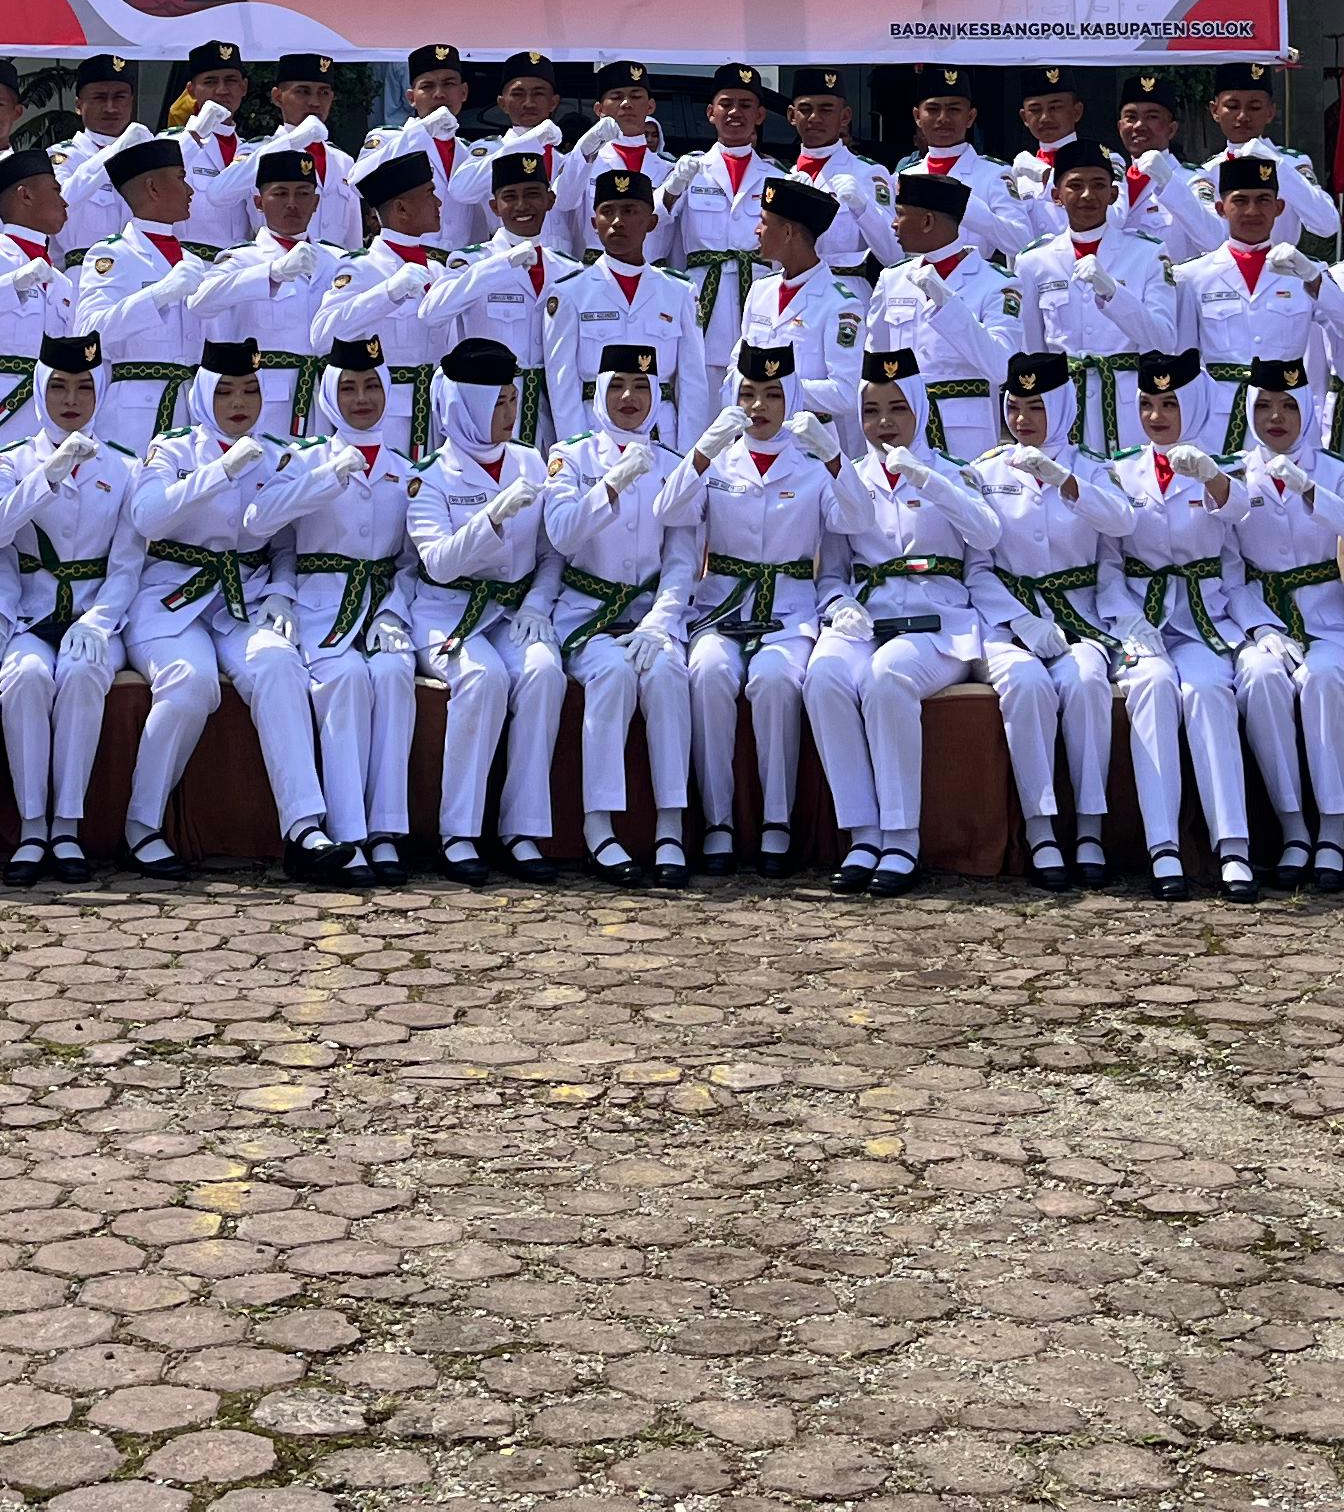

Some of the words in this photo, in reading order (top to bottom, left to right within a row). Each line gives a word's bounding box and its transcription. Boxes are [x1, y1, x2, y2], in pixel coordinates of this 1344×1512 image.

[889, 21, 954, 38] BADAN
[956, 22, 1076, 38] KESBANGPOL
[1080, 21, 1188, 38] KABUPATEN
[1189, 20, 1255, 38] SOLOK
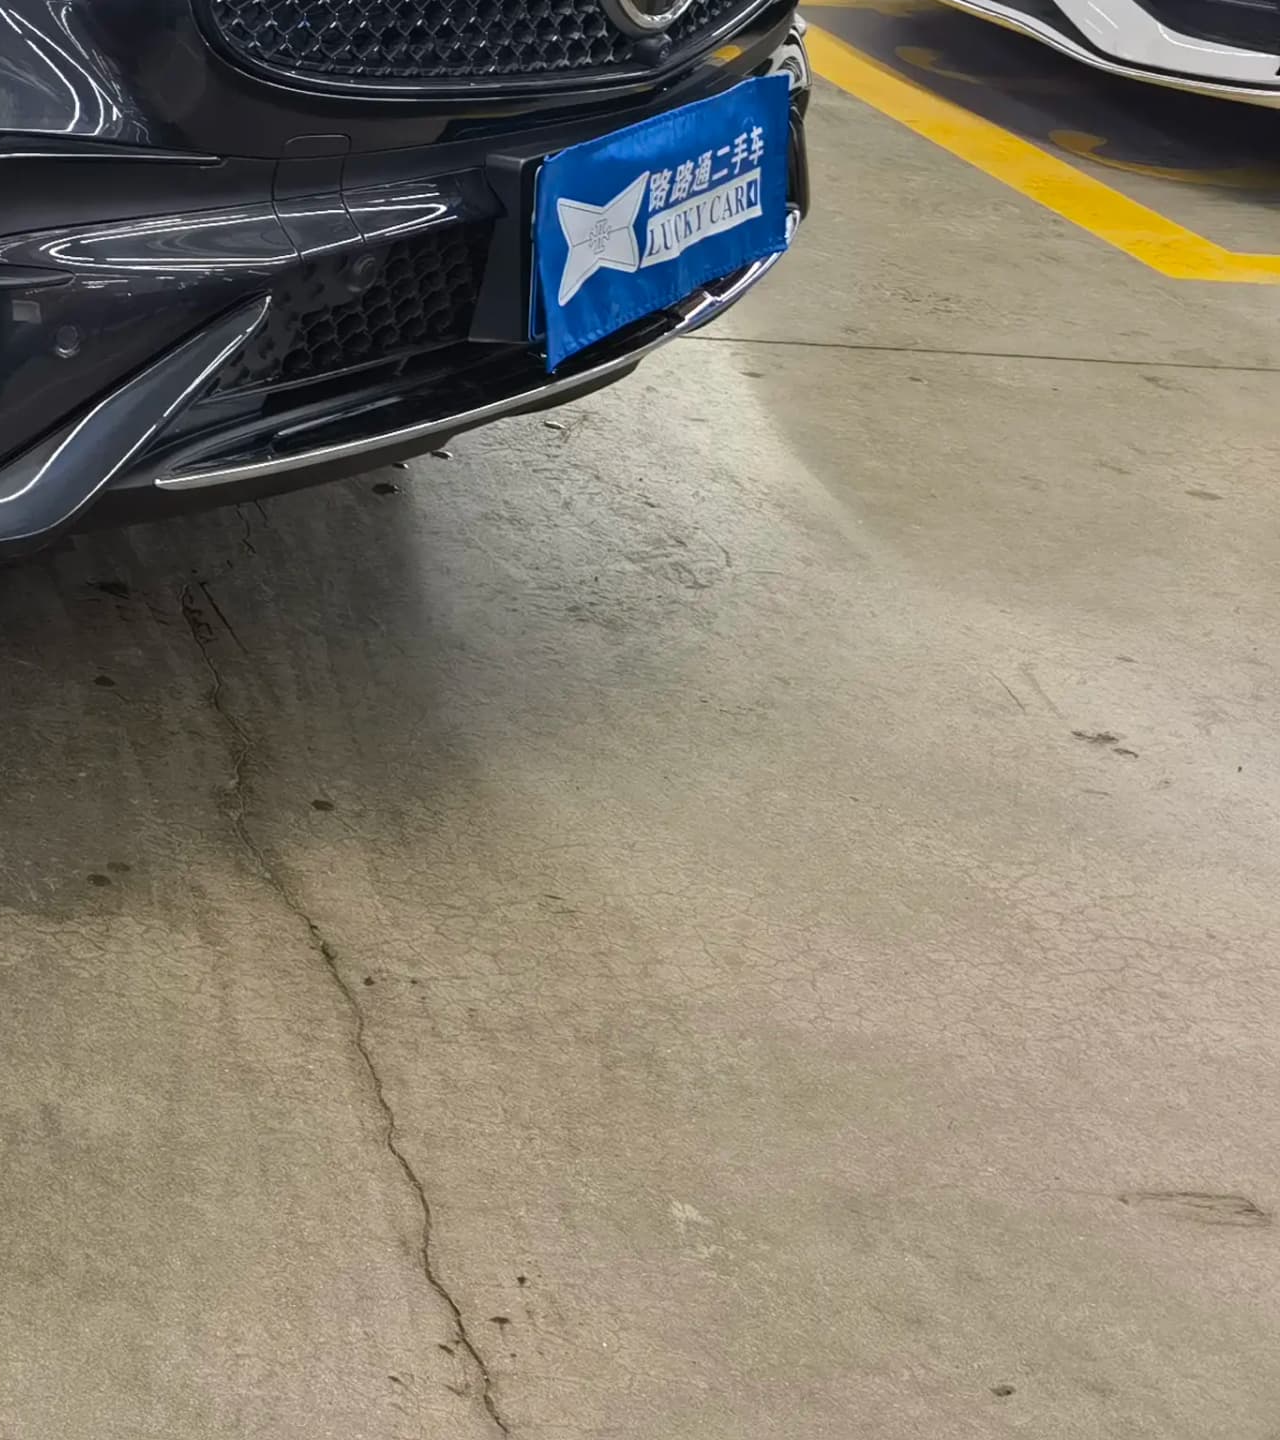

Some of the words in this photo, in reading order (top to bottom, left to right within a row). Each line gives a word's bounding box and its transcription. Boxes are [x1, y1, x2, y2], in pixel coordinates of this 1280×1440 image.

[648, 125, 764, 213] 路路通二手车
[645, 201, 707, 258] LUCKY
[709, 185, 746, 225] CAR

* * *

- **Task prompt**
Pictures are to be left out; everything else in the records gets retyped exactly.

- **Worked solution**
Some of the words in this photo, in reading order (top to bottom, left to right within a row). Each line gives a word's bounding box and its transcription. Boxes are [x1, y1, x2, y2], in pixel coordinates of this 1344×1512 image.

[889, 21, 954, 38] BADAN
[956, 22, 1076, 38] KESBANGPOL
[1080, 21, 1188, 38] KABUPATEN
[1189, 20, 1255, 38] SOLOK

Some of the words in this photo, in reading order (top to bottom, left to right within a row). Each line gives a word's bounding box and its transcription. Boxes are [x1, y1, x2, y2], in pixel coordinates of this 1280×1440 image.

[648, 125, 764, 213] 路路通二手车
[645, 201, 707, 258] LUCKY
[709, 185, 746, 225] CAR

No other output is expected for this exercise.